● **WHAT TO DO**: Leaving the pictures aside, reproduce the data in full and word for word.

● **MATERIAL FOR THIS EXERCISE**:
○ ○ ○ ○

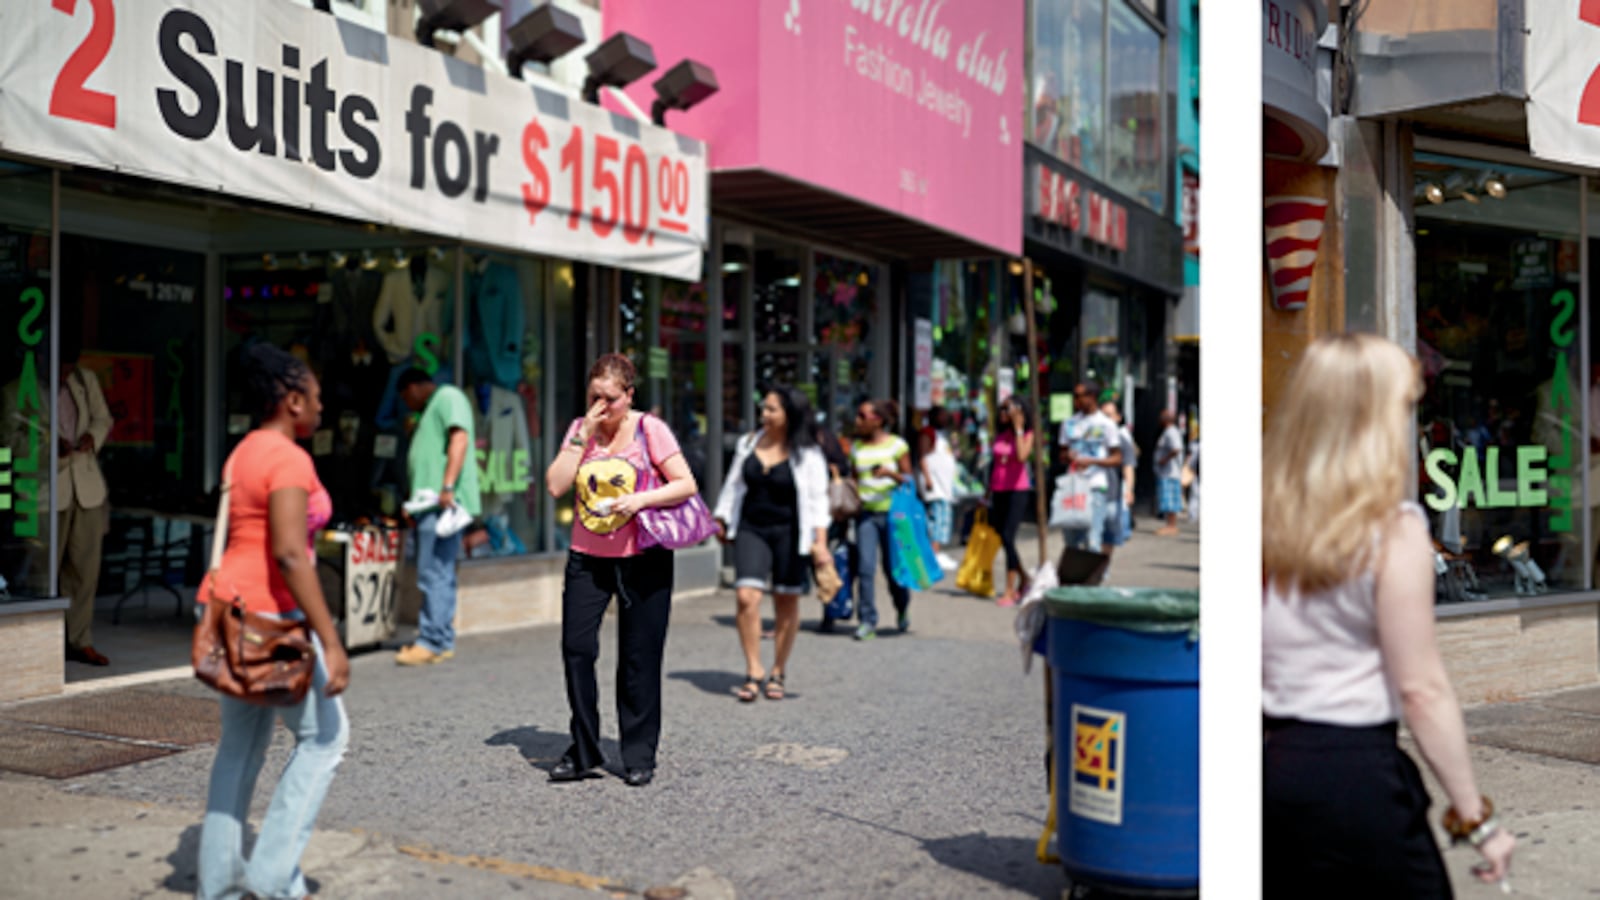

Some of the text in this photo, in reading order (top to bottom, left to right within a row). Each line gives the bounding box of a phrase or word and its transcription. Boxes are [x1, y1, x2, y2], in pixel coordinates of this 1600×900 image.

[845, 24, 914, 100] Fashion
[956, 31, 1012, 96] club
[49, 0, 118, 129] 2
[155, 9, 381, 178] Suits
[405, 84, 499, 202] for
[475, 449, 530, 493] SALE
[1424, 446, 1549, 512] SALE
[351, 529, 398, 565] SALE
[351, 570, 397, 628] $20
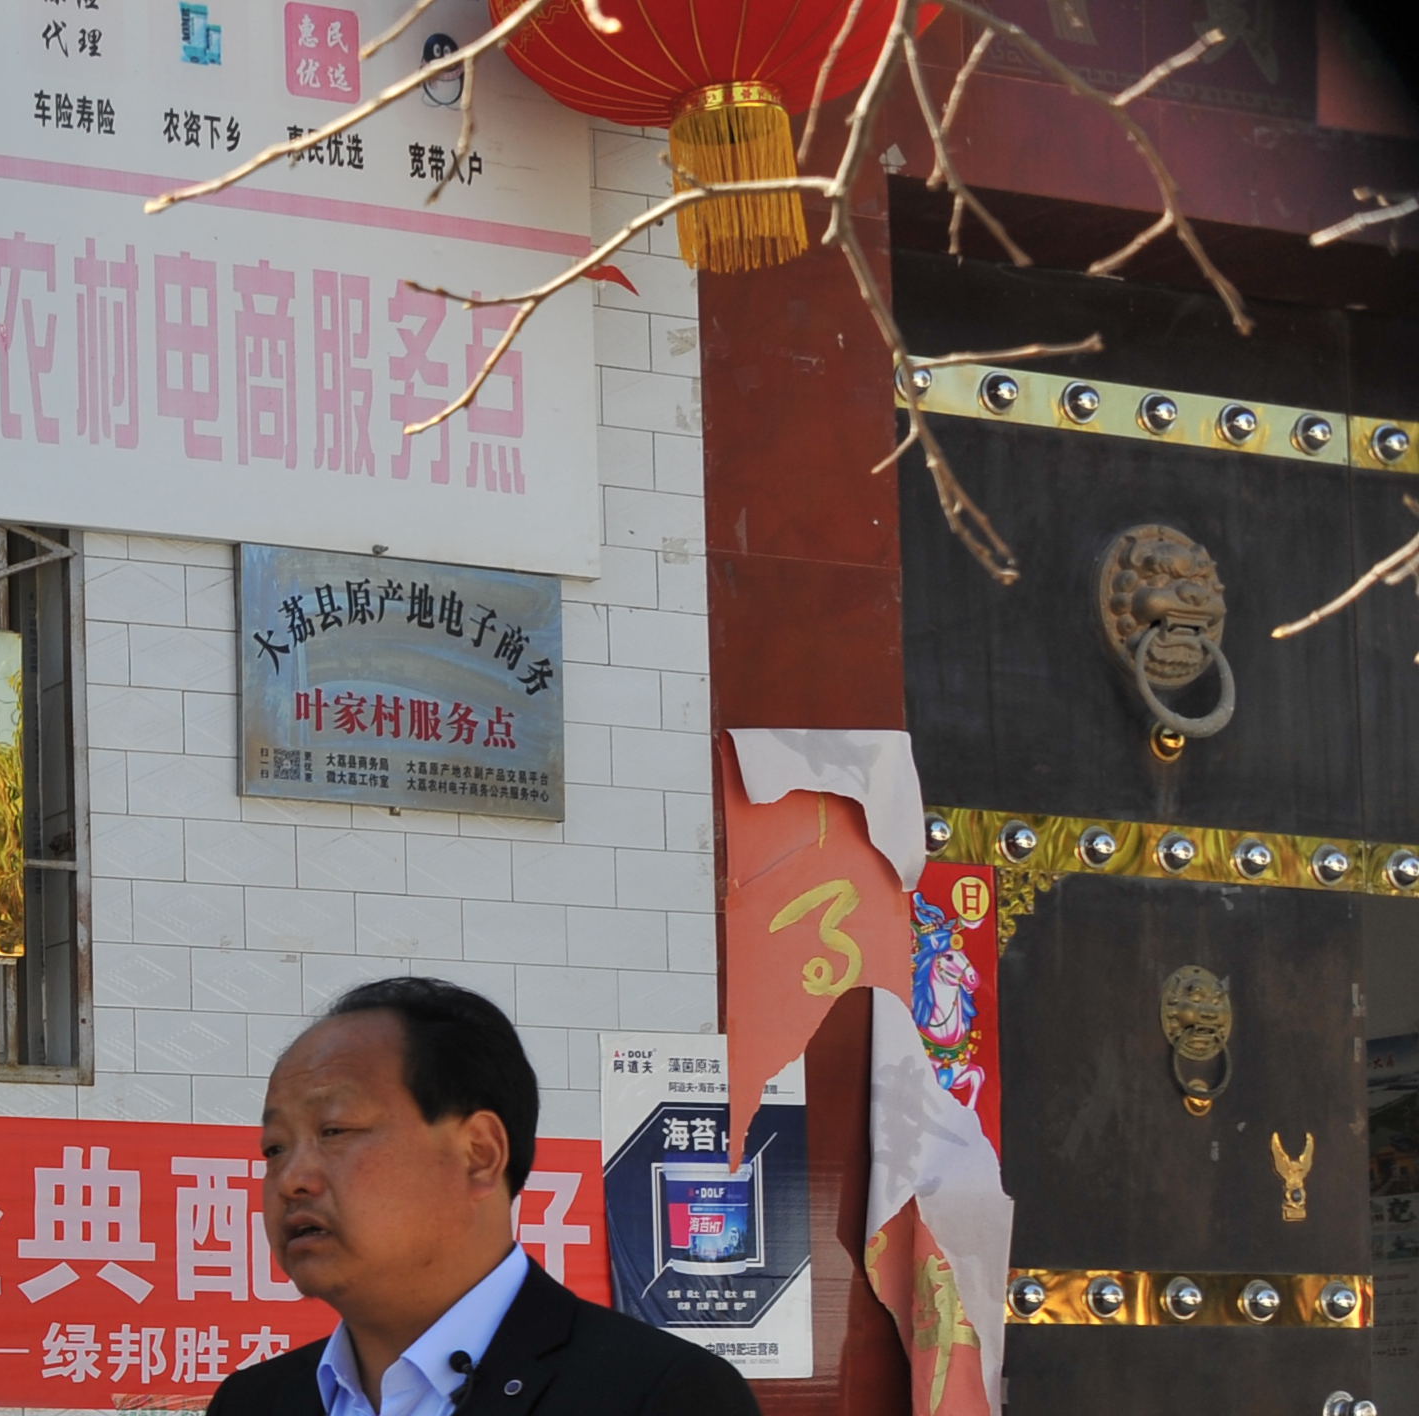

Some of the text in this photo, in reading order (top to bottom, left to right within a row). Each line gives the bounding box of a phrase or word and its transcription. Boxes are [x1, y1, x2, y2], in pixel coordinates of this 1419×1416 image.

[41, 19, 103, 58] 代理
[297, 13, 351, 54] 惠民
[295, 57, 353, 93] 优选
[34, 88, 116, 136] 车险寿险
[162, 106, 243, 153] 农资下乡
[408, 141, 484, 186] 宽带入户
[252, 577, 554, 697] 大荔县原产地电子商务
[294, 687, 517, 750] 叶家村服务点
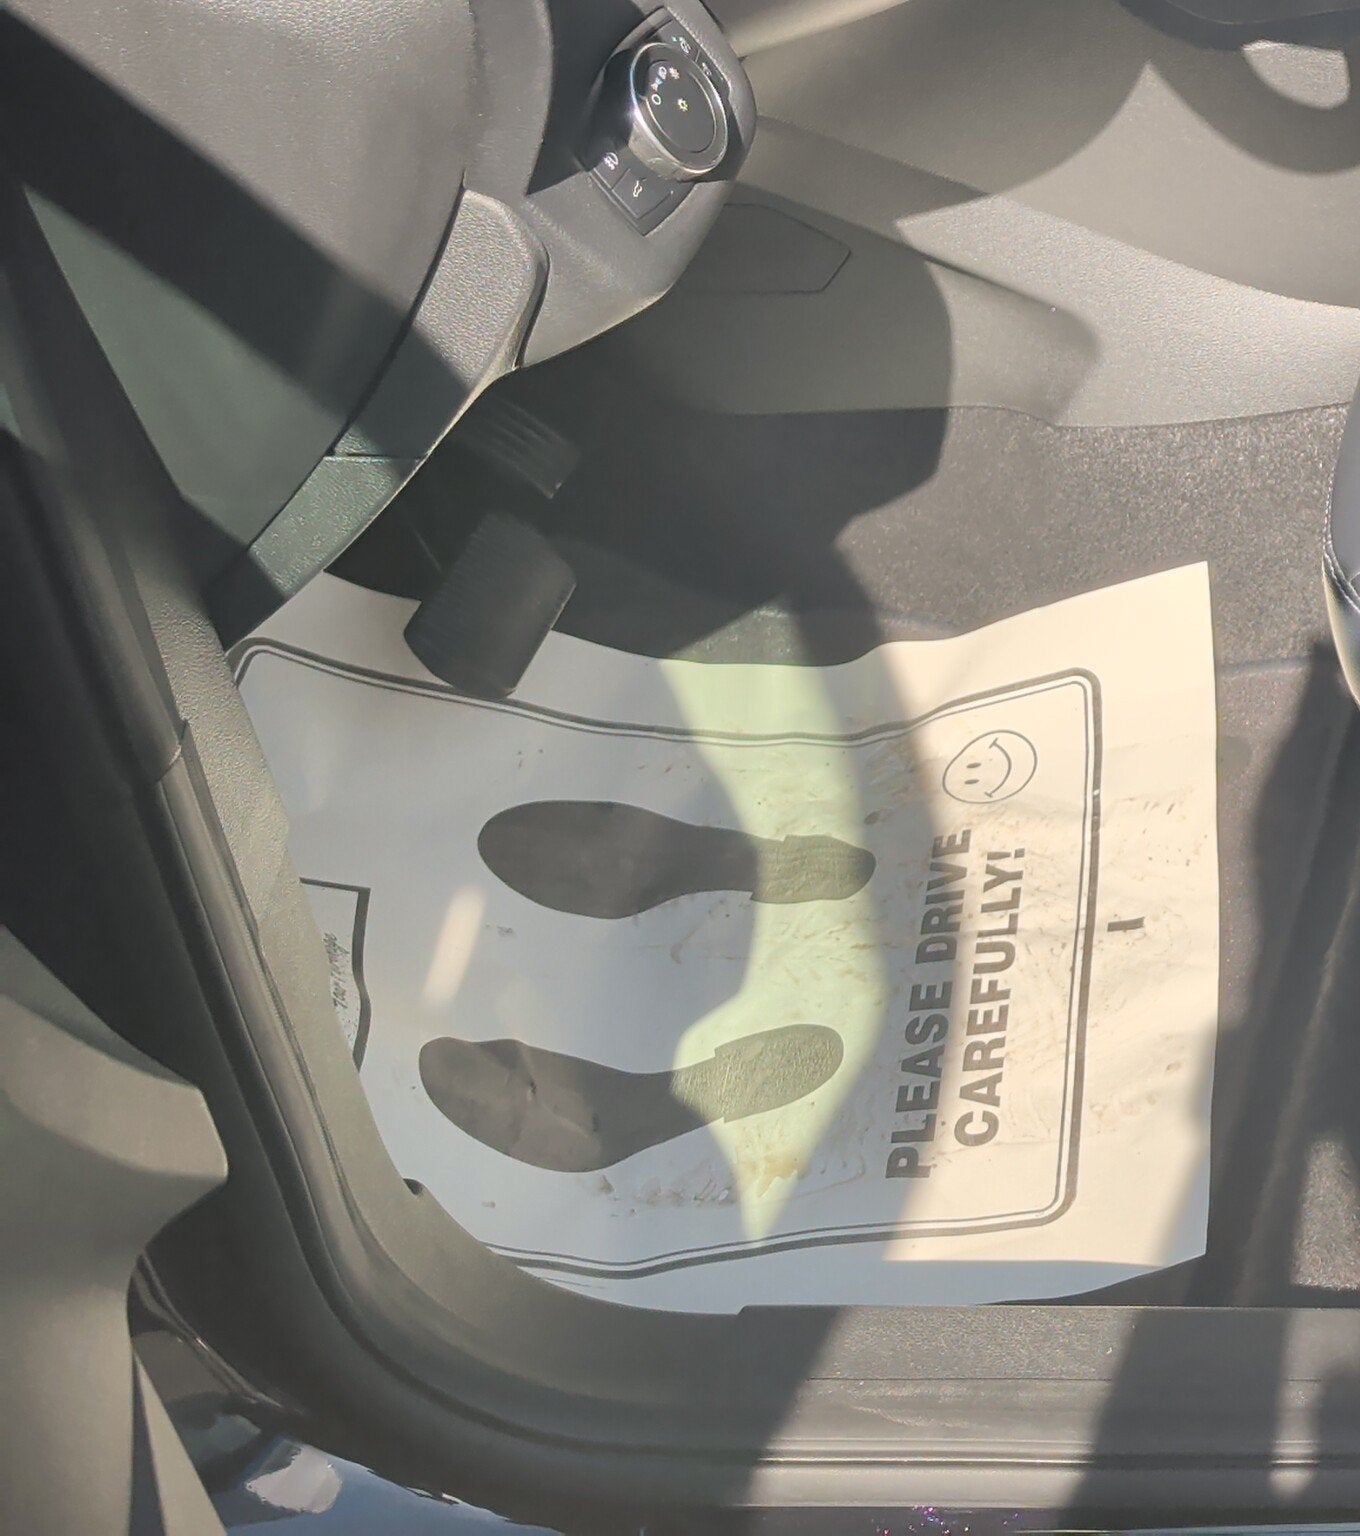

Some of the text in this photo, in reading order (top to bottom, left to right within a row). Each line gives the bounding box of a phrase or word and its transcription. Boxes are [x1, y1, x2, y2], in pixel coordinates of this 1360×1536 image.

[885, 828, 972, 1179] PLEASE DRIVE
[954, 847, 1026, 1147] CAREFULLY!

○ ○ ○ ○

● **SOLVED EXERCISE**:
Some of the text in this photo, in reading order (top to bottom, left to right within a row). Each line gives the bounding box of a phrase or word and its transcription. Boxes are [x1, y1, x2, y2], in pixel coordinates of this 1600×900 image.

[845, 24, 914, 100] Fashion
[956, 31, 1012, 96] club
[49, 0, 118, 129] 2
[155, 9, 381, 178] Suits
[405, 84, 499, 202] for
[475, 449, 530, 493] SALE
[1424, 446, 1549, 512] SALE
[351, 529, 398, 565] SALE
[351, 570, 397, 628] $20

Some of the text in this photo, in reading order (top to bottom, left to right within a row). Each line gives the bounding box of a phrase or word and its transcription. Boxes are [x1, y1, x2, y2], in pixel coordinates of this 1419×1416 image.

[41, 19, 103, 58] 代理
[297, 13, 351, 54] 惠民
[295, 57, 353, 93] 优选
[34, 88, 116, 136] 车险寿险
[162, 106, 243, 153] 农资下乡
[408, 141, 484, 186] 宽带入户
[252, 577, 554, 697] 大荔县原产地电子商务
[294, 687, 517, 750] 叶家村服务点

Some of the text in this photo, in reading order (top to bottom, left to right within a row). Each line gives the bounding box of a phrase or word and its transcription. Boxes are [x1, y1, x2, y2], in pixel coordinates of this 1360×1536 image.

[885, 828, 972, 1179] PLEASE DRIVE
[954, 847, 1026, 1147] CAREFULLY!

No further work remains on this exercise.